Hoje, os miúdos entram e já existe uma escola de música montada e a maior parte dos professores são mesmo formados na área. Atualmente, as bandas já têm formação musical, com programa de Conservatório, fruto do desenvolvimento destas estruturas associativas. Aliás, entre 2012 e 2014, fui responsável pedagógica de uma escola associada à filarmónica de Porto Salvo. Mas, na nossa altura, aprendíamos com o maestro, que sabia um pouco de todos os instrumentos musicais. No meu tempo, só havia conservatórios em Coimbra, Porto, Faro e Lisboa.

Enquanto esteve na Banda, teve outra formação musical?

Comecei no Conservatório Nacional e fui ganhando formação, que alguns da minha geração não tinham. Eu era dos poucos membros que estava a fazer esse percurso. À medida que os anos foram avançando, fui dando algum acompanhamento aos mais novos, mas não estava institucionalizado que viria a dar aulas. Eu dava acompanhamento por auto-recreação.

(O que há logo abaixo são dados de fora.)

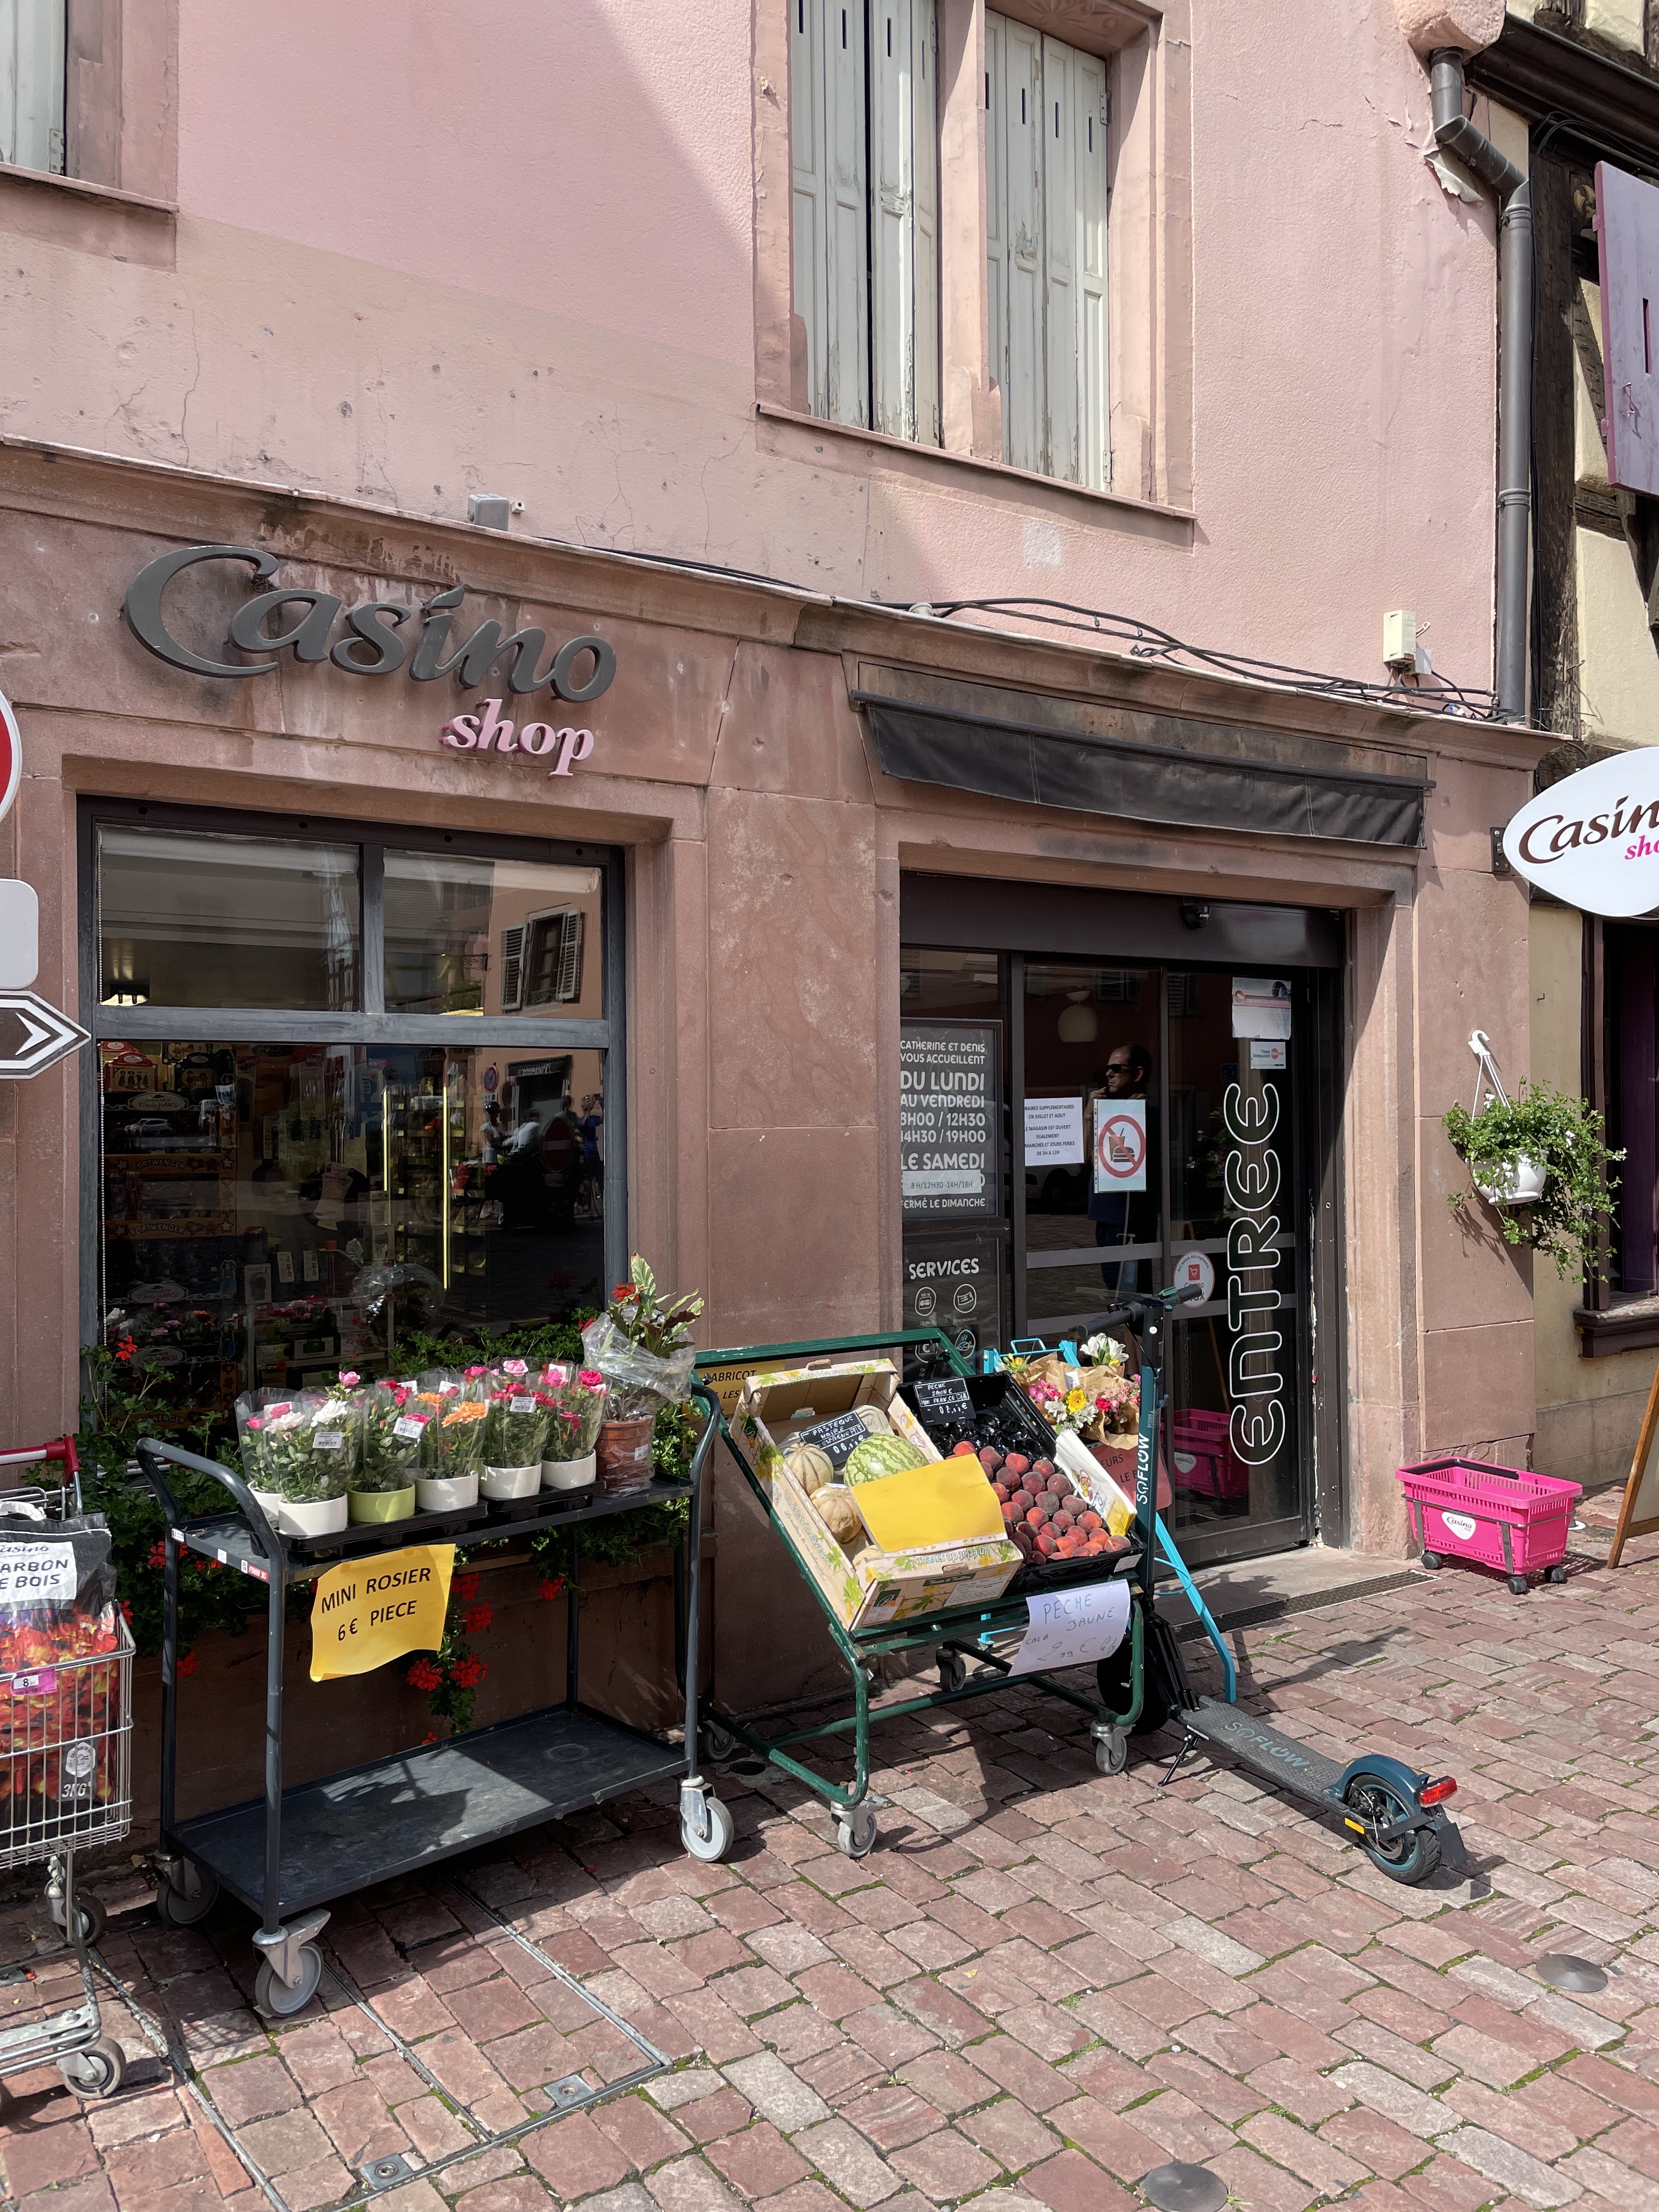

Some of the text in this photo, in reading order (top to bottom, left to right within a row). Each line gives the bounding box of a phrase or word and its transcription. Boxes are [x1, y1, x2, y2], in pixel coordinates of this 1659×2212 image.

As filarmónicas foram beneficiadas ou prejudicadas com o aparecimento dos conservatórios regionais?

Só tiveram a ganhar. Hoje olhamos e o som das filarmónicas é totalmente diferente. O repertório é mais vasto, houve uma grande evolução e tudo o que seja para melhorar deve ser bem visto. Se assim não fosse, as próprias filarmónicas não adaptariam esse sistema.